Refolding properties of antithrombin III. Mechanism of binding to heparin.

Abstract

The presence of two unfolding domains in antithrombin III during its denaturation in guanidinium chloride has previously been reported (Villanueva, G. B., and Allen, N. (1983) J. Biol. Chem. 258, 11010-11013). In the present work, we report the results of refolding studies on antithrombin III. Circular dichroism and intrinsic fluorescence studies have demonstrated that the first unfolding domain of low stability (midpoint at 0.7 M guanidinium chloride) is irreversible upon renaturation, whereas the second unfolding domain (midpoint at 2.3 M guanidinium chloride) is reversible. The intermediate form of antithrombin III, termed AT-IIIR, which has lost the structural features of the first domain was investigated. Clotting assays and electrophoretic analyses showed that AT-IIIR had lost 60% of heparin cofactor activity but was still capable of forming sodium dodecyl sulfate-stable complexes with thrombin. Although certain regions of this molecule do not refold to the conformation of native antithrombin III, the tryptophan residues refold to a conformation identical with the native state. This was demonstrated by fluorescence quenching, solvent perturbation, and chemical modification studies.
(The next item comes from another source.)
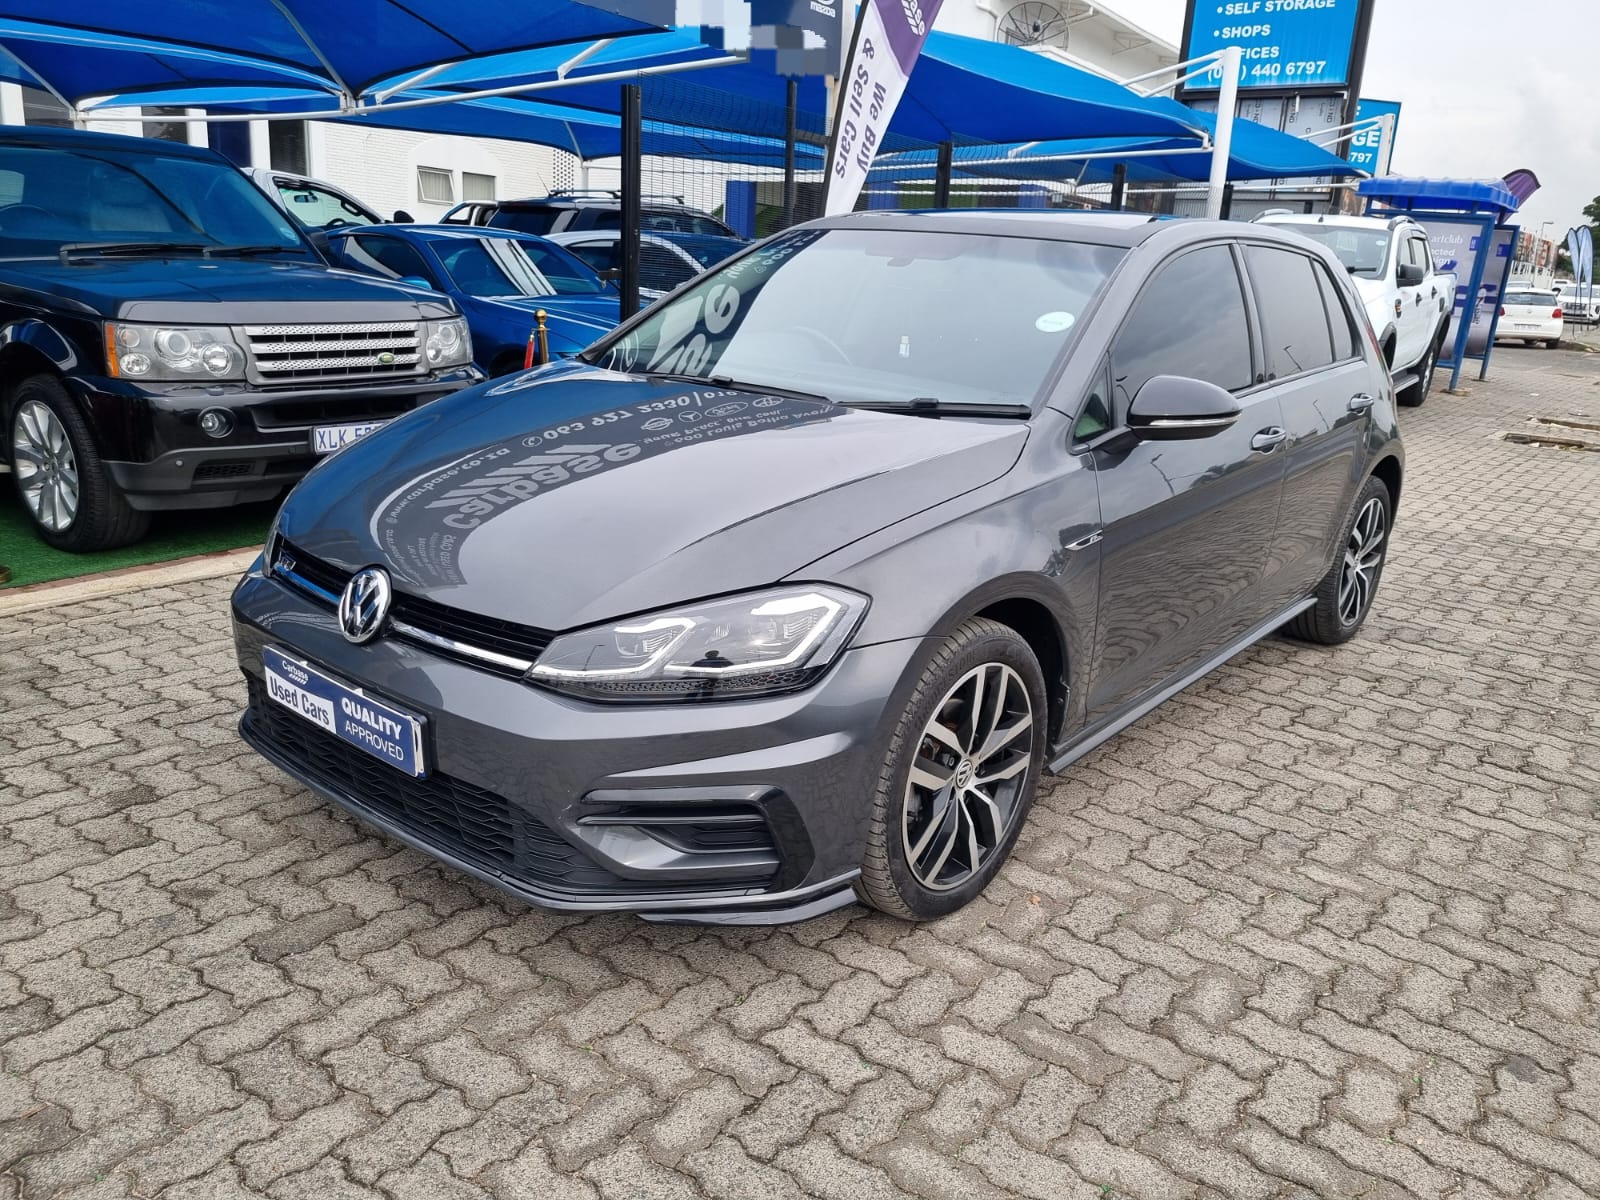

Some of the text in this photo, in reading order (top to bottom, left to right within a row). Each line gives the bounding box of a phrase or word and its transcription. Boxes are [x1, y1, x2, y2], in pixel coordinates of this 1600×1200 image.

However, the tryptophan-ascribed fluorescence enhancement and absorption difference spectrum which occur when heparin binds to antithrombin III are reduced by 70%. On the basis of these data, the binding of heparin to antithrombin III is interpreted in terms of a two-step mechanism. The primary binding occurs in the region without tryptophan and is followed by a secondary conformational rearrangement which affects the tryptophan environment. The mechanism of the binding of heparin and antithrombin III has been previously studied by kinetic methods, and the data also support a two-step mechanism. The agreement of these two studies employing entirely different approaches to the same problem lends support to the validity of this postulated mechanism.